◆ ASSIGNMENT
Write out the full listing exactly.
-.-.-
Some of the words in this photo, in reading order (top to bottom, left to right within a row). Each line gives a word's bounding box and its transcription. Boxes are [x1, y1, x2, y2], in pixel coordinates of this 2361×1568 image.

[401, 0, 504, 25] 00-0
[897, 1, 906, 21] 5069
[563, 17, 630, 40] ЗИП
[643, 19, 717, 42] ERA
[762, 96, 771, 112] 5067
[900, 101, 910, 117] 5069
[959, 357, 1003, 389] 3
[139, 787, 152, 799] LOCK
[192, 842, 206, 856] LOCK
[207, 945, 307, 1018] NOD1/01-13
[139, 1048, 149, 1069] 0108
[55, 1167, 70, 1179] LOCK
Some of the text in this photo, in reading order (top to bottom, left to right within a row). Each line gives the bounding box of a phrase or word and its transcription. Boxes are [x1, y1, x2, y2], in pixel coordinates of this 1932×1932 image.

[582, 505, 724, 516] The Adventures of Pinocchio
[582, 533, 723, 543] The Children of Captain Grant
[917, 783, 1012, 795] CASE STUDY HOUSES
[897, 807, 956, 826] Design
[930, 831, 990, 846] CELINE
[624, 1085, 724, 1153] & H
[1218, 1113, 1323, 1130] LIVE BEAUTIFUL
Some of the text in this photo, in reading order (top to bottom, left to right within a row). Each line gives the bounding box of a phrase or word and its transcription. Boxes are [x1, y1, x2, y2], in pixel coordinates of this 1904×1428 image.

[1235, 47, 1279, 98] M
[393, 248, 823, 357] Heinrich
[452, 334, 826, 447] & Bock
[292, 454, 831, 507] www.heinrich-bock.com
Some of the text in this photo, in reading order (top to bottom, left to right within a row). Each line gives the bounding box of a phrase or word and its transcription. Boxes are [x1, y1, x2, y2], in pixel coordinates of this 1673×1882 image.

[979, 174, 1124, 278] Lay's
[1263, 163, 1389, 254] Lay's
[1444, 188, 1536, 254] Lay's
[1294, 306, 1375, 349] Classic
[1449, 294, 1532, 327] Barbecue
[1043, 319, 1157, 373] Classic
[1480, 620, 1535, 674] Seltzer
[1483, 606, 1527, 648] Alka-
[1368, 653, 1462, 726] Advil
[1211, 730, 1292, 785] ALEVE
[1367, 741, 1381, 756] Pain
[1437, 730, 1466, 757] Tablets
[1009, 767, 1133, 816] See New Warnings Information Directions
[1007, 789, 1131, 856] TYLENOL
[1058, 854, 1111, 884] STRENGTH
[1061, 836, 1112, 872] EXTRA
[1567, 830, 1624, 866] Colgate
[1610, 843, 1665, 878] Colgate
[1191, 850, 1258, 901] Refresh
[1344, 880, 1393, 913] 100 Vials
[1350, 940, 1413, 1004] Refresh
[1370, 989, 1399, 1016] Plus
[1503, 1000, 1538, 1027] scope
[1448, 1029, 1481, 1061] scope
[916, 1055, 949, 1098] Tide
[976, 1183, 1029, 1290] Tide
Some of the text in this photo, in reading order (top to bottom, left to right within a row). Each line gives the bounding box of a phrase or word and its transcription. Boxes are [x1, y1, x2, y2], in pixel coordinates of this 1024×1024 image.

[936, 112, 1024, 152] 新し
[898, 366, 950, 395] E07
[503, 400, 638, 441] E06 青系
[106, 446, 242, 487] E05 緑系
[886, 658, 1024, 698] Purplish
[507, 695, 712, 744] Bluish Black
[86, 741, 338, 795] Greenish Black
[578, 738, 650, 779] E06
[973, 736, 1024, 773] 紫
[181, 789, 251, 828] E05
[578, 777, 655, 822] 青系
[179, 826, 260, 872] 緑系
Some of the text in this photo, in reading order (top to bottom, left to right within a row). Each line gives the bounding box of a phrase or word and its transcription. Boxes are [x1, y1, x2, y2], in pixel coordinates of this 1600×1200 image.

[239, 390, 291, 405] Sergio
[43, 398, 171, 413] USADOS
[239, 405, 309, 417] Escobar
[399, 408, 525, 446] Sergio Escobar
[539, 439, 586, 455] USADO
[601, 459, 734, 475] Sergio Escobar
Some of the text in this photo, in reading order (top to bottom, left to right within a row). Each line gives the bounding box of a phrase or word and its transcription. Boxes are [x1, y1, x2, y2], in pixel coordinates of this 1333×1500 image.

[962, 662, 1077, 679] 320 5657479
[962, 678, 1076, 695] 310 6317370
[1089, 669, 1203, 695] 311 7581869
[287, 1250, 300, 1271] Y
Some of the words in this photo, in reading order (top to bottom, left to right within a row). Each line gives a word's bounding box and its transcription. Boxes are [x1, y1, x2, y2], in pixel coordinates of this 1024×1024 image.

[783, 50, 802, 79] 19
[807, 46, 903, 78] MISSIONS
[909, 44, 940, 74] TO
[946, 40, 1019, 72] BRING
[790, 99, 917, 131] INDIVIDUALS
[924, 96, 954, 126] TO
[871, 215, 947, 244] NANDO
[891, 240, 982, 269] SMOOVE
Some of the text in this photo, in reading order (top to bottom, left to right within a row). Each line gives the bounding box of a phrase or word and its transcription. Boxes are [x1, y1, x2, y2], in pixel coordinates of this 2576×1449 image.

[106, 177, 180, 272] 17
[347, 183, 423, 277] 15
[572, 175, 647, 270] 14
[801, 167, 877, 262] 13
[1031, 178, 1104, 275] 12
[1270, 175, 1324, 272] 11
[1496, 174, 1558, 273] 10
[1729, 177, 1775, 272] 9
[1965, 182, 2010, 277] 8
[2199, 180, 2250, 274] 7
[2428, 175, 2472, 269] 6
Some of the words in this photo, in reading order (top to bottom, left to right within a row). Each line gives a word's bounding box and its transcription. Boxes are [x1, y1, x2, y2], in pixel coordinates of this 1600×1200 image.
-.-.-
◆ ANSWER AREA
Some of the words in this photo, in reading order (top to bottom, left to right within a row). Each line gives a word's bounding box and its transcription. Boxes are [x1, y1, x2, y2], in pixel coordinates of this 2361×1568 image.

[401, 0, 504, 25] 00-0
[897, 1, 906, 21] 5069
[563, 17, 630, 40] ЗИП
[643, 19, 717, 42] ERA
[762, 96, 771, 112] 5067
[900, 101, 910, 117] 5069
[959, 357, 1003, 389] 3
[139, 787, 152, 799] LOCK
[192, 842, 206, 856] LOCK
[207, 945, 307, 1018] NOD1/01-13
[139, 1048, 149, 1069] 0108
[55, 1167, 70, 1179] LOCK
Some of the text in this photo, in reading order (top to bottom, left to right within a row). Each line gives the bounding box of a phrase or word and its transcription. Boxes are [x1, y1, x2, y2], in pixel coordinates of this 1932×1932 image.

[582, 505, 724, 516] The Adventures of Pinocchio
[582, 533, 723, 543] The Children of Captain Grant
[917, 783, 1012, 795] CASE STUDY HOUSES
[897, 807, 956, 826] Design
[930, 831, 990, 846] CELINE
[624, 1085, 724, 1153] & H
[1218, 1113, 1323, 1130] LIVE BEAUTIFUL
Some of the text in this photo, in reading order (top to bottom, left to right within a row). Each line gives the bounding box of a phrase or word and its transcription. Boxes are [x1, y1, x2, y2], in pixel coordinates of this 1904×1428 image.

[1235, 47, 1279, 98] M
[393, 248, 823, 357] Heinrich
[452, 334, 826, 447] & Bock
[292, 454, 831, 507] www.heinrich-bock.com
Some of the text in this photo, in reading order (top to bottom, left to right within a row). Each line gives the bounding box of a phrase or word and its transcription. Boxes are [x1, y1, x2, y2], in pixel coordinates of this 1673×1882 image.

[979, 174, 1124, 278] Lay's
[1263, 163, 1389, 254] Lay's
[1444, 188, 1536, 254] Lay's
[1294, 306, 1375, 349] Classic
[1449, 294, 1532, 327] Barbecue
[1043, 319, 1157, 373] Classic
[1480, 620, 1535, 674] Seltzer
[1483, 606, 1527, 648] Alka-
[1368, 653, 1462, 726] Advil
[1211, 730, 1292, 785] ALEVE
[1367, 741, 1381, 756] Pain
[1437, 730, 1466, 757] Tablets
[1009, 767, 1133, 816] See New Warnings Information Directions
[1007, 789, 1131, 856] TYLENOL
[1058, 854, 1111, 884] STRENGTH
[1061, 836, 1112, 872] EXTRA
[1567, 830, 1624, 866] Colgate
[1610, 843, 1665, 878] Colgate
[1191, 850, 1258, 901] Refresh
[1344, 880, 1393, 913] 100 Vials
[1350, 940, 1413, 1004] Refresh
[1370, 989, 1399, 1016] Plus
[1503, 1000, 1538, 1027] scope
[1448, 1029, 1481, 1061] scope
[916, 1055, 949, 1098] Tide
[976, 1183, 1029, 1290] Tide
Some of the text in this photo, in reading order (top to bottom, left to right within a row). Each line gives the bounding box of a phrase or word and its transcription. Boxes are [x1, y1, x2, y2], in pixel coordinates of this 1024×1024 image.

[936, 112, 1024, 152] 新し
[898, 366, 950, 395] E07
[503, 400, 638, 441] E06 青系
[106, 446, 242, 487] E05 緑系
[886, 658, 1024, 698] Purplish
[507, 695, 712, 744] Bluish Black
[86, 741, 338, 795] Greenish Black
[578, 738, 650, 779] E06
[973, 736, 1024, 773] 紫
[181, 789, 251, 828] E05
[578, 777, 655, 822] 青系
[179, 826, 260, 872] 緑系
Some of the text in this photo, in reading order (top to bottom, left to right within a row). Each line gives the bounding box of a phrase or word and its transcription. Boxes are [x1, y1, x2, y2], in pixel coordinates of this 1600×1200 image.

[239, 390, 291, 405] Sergio
[43, 398, 171, 413] USADOS
[239, 405, 309, 417] Escobar
[399, 408, 525, 446] Sergio Escobar
[539, 439, 586, 455] USADO
[601, 459, 734, 475] Sergio Escobar
Some of the text in this photo, in reading order (top to bottom, left to right within a row). Each line gives the bounding box of a phrase or word and its transcription. Boxes are [x1, y1, x2, y2], in pixel coordinates of this 1333×1500 image.

[962, 662, 1077, 679] 320 5657479
[962, 678, 1076, 695] 310 6317370
[1089, 669, 1203, 695] 311 7581869
[287, 1250, 300, 1271] Y
Some of the words in this photo, in reading order (top to bottom, left to right within a row). Each line gives a word's bounding box and its transcription. Boxes are [x1, y1, x2, y2], in pixel coordinates of this 1024×1024 image.

[783, 50, 802, 79] 19
[807, 46, 903, 78] MISSIONS
[909, 44, 940, 74] TO
[946, 40, 1019, 72] BRING
[790, 99, 917, 131] INDIVIDUALS
[924, 96, 954, 126] TO
[871, 215, 947, 244] NANDO
[891, 240, 982, 269] SMOOVE
Some of the text in this photo, in reading order (top to bottom, left to right within a row). Each line gives the bounding box of a phrase or word and its transcription. Boxes are [x1, y1, x2, y2], in pixel coordinates of this 2576×1449 image.

[106, 177, 180, 272] 17
[347, 183, 423, 277] 15
[572, 175, 647, 270] 14
[801, 167, 877, 262] 13
[1031, 178, 1104, 275] 12
[1270, 175, 1324, 272] 11
[1496, 174, 1558, 273] 10
[1729, 177, 1775, 272] 9
[1965, 182, 2010, 277] 8
[2199, 180, 2250, 274] 7
[2428, 175, 2472, 269] 6
Some of the words in this photo, in reading order (top to bottom, left to right within a row). Each line gives a word's bounding box and its transcription. Boxes are [x1, y1, x2, y2], in pixel coordinates of this 1600×1200 image.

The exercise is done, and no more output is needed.